PROBLEM: Without changing a character, return the entries, but not the images they hold.

Text-to-region grounding data:
=-=-=-=-=
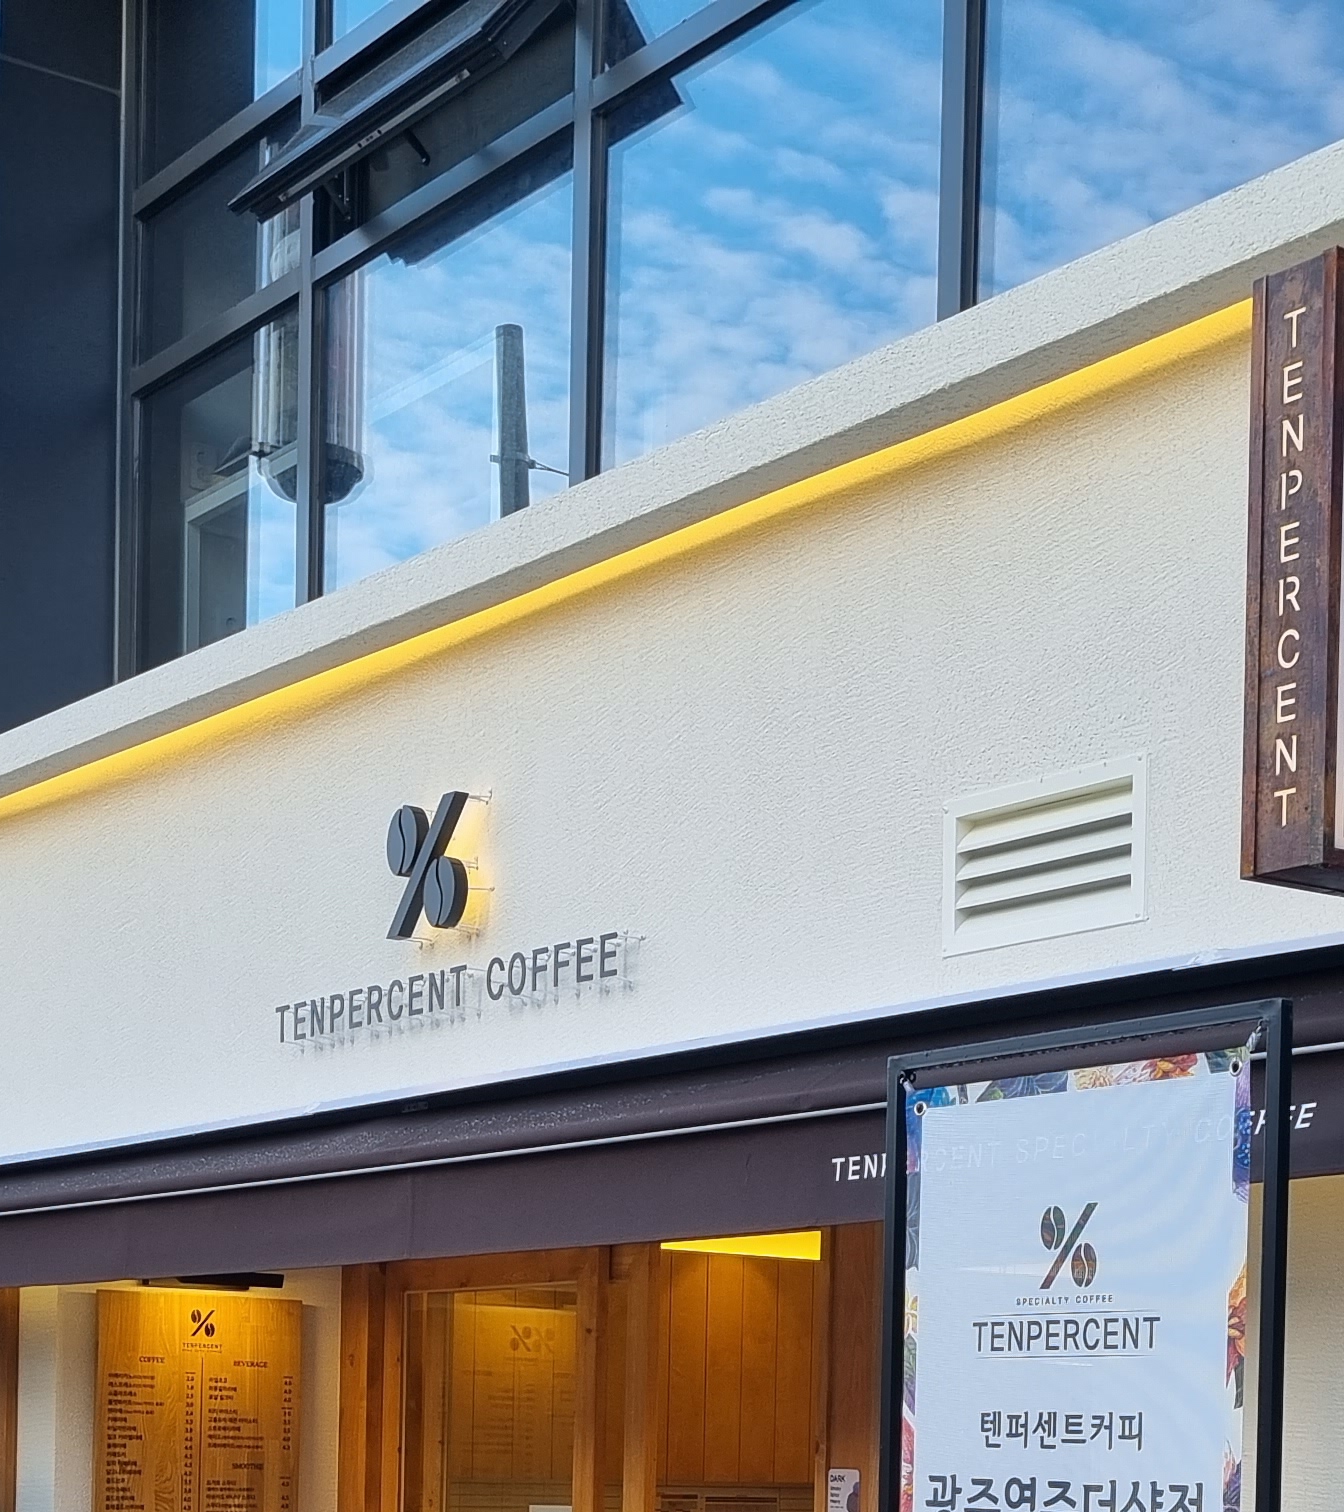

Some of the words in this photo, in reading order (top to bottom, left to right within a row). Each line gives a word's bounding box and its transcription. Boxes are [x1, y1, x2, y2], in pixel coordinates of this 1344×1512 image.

[1272, 306, 1306, 828] TENPERCENT
[274, 963, 468, 1043] TENPERCENT
[486, 931, 618, 1001] COFFEE
[1015, 1294, 1070, 1308] SPECIALTY
[1074, 1293, 1114, 1306] COFFEE
[972, 1315, 1161, 1353] TENPERCENT
[979, 1409, 1145, 1452] 텐퍼센트커피
[830, 1474, 846, 1483] DARK
=-=-=-=-=
WRITTEN SOLUTION:
Some of the words in this photo, in reading order (top to bottom, left to right within a row). Each line gives a word's bounding box and its transcription. Boxes are [x1, y1, x2, y2], in pixel coordinates of this 1344×1512 image.

[1272, 306, 1306, 828] TENPERCENT
[274, 963, 468, 1043] TENPERCENT
[486, 931, 618, 1001] COFFEE
[1015, 1294, 1070, 1308] SPECIALTY
[1074, 1293, 1114, 1306] COFFEE
[972, 1315, 1161, 1353] TENPERCENT
[979, 1409, 1145, 1452] 텐퍼센트커피
[830, 1474, 846, 1483] DARK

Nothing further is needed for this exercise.